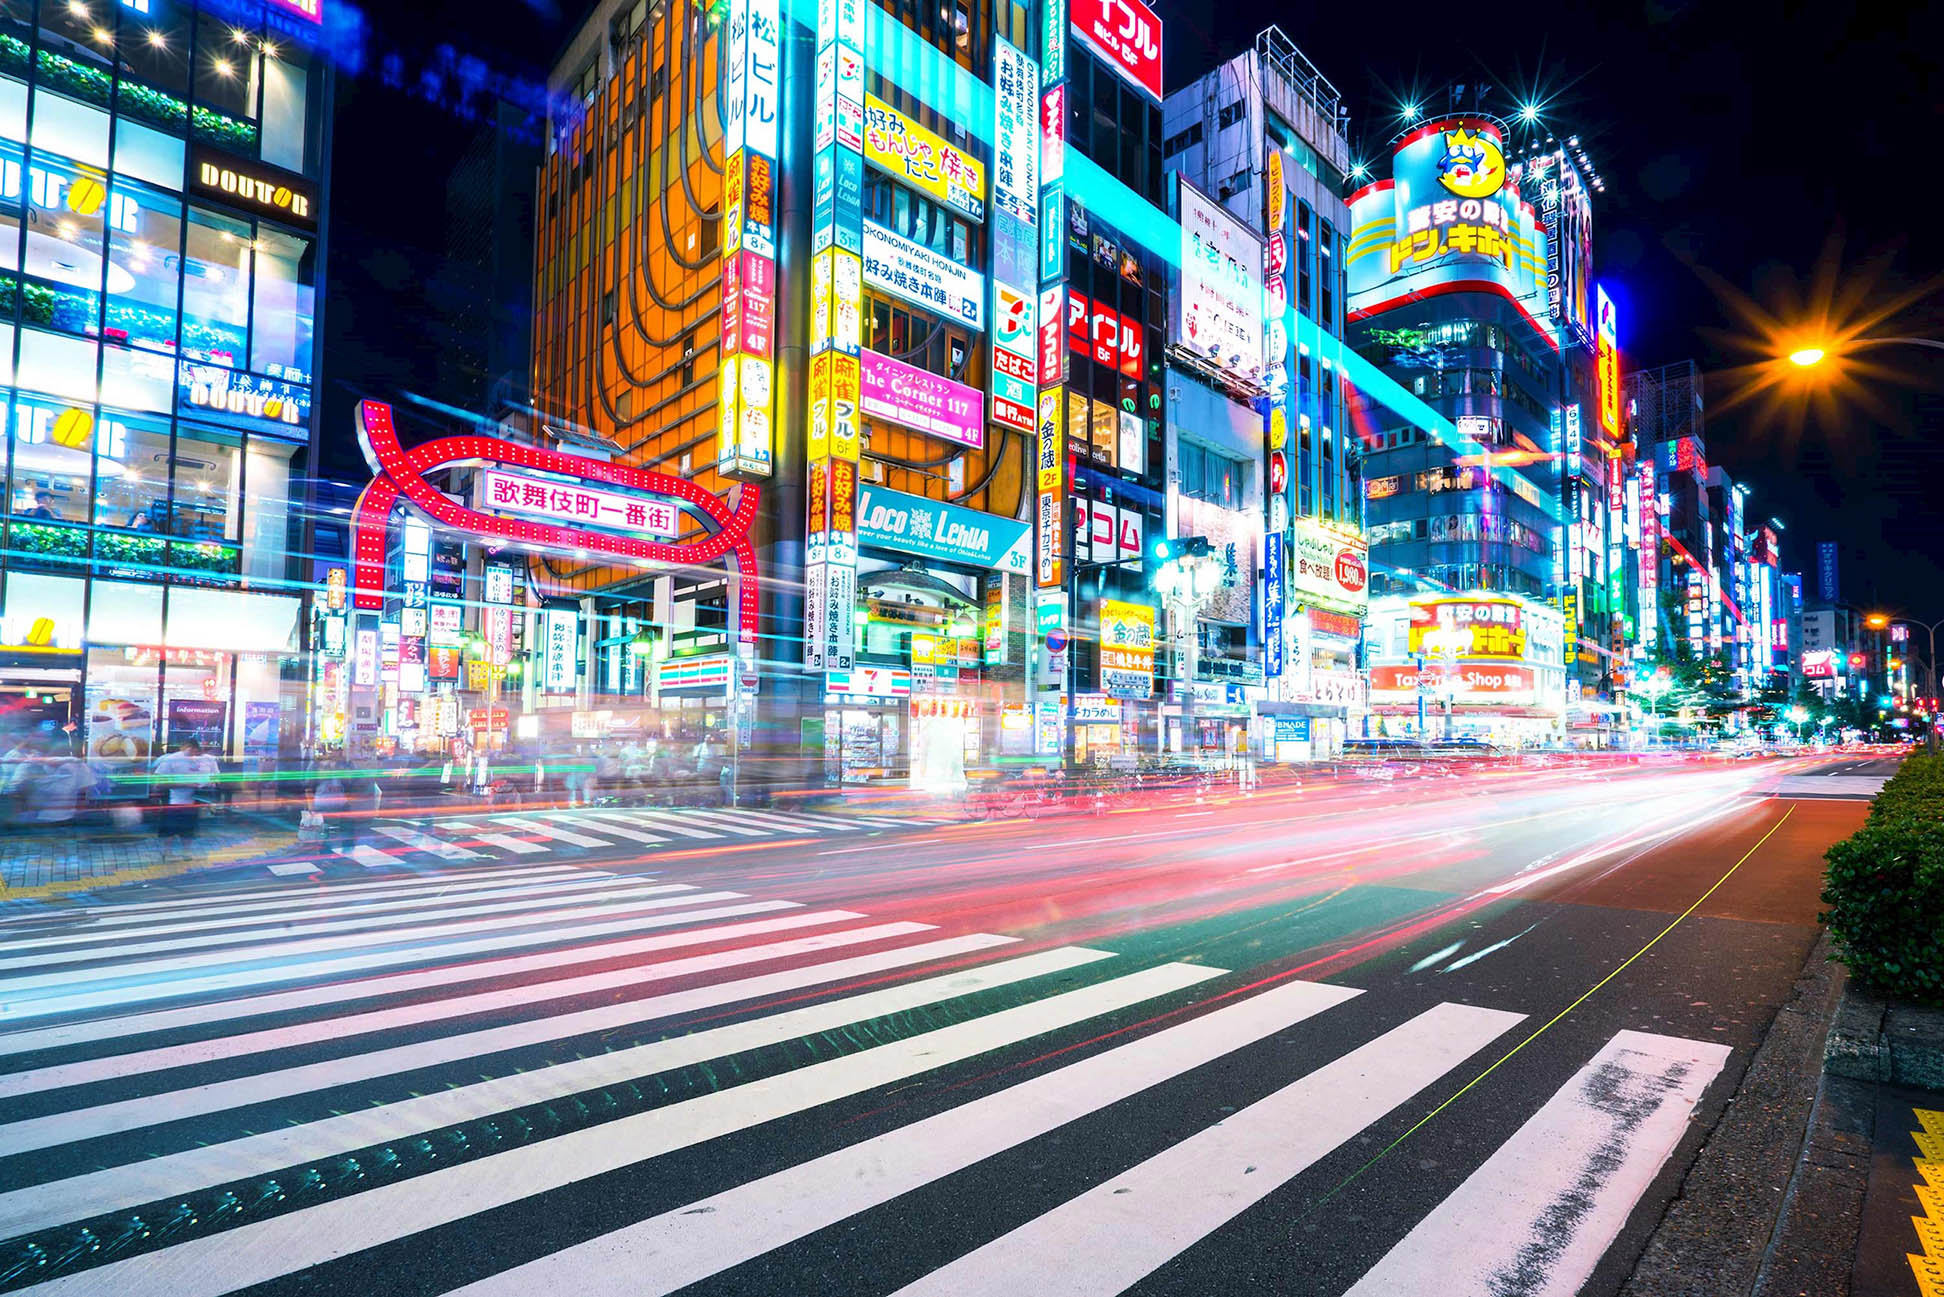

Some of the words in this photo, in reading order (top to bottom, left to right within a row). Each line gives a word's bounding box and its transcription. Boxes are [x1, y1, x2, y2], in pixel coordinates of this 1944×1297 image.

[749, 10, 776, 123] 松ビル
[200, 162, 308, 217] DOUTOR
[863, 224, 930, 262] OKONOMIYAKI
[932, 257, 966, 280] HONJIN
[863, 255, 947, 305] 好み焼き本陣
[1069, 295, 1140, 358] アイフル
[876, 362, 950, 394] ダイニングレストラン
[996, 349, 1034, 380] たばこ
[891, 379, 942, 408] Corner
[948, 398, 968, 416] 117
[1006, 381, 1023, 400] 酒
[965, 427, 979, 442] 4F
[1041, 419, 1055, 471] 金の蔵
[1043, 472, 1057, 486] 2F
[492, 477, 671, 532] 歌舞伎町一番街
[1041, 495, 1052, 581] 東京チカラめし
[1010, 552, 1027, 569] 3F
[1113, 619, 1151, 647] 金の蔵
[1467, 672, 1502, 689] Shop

......

**TASK PROMPT**
Set every record down again verbatim, without pictures.

**RESPONSE TO THIS EXERCISE**
Some of the words in this photo, in reading order (top to bottom, left to right within a row). Each line gives a word's bounding box and its transcription. Boxes are [x1, y1, x2, y2], in pixel coordinates of this 1944×1297 image.

[749, 10, 776, 123] 松ビル
[200, 162, 308, 217] DOUTOR
[863, 224, 930, 262] OKONOMIYAKI
[932, 257, 966, 280] HONJIN
[863, 255, 947, 305] 好み焼き本陣
[1069, 295, 1140, 358] アイフル
[876, 362, 950, 394] ダイニングレストラン
[996, 349, 1034, 380] たばこ
[891, 379, 942, 408] Corner
[948, 398, 968, 416] 117
[1006, 381, 1023, 400] 酒
[965, 427, 979, 442] 4F
[1041, 419, 1055, 471] 金の蔵
[1043, 472, 1057, 486] 2F
[492, 477, 671, 532] 歌舞伎町一番街
[1041, 495, 1052, 581] 東京チカラめし
[1010, 552, 1027, 569] 3F
[1113, 619, 1151, 647] 金の蔵
[1467, 672, 1502, 689] Shop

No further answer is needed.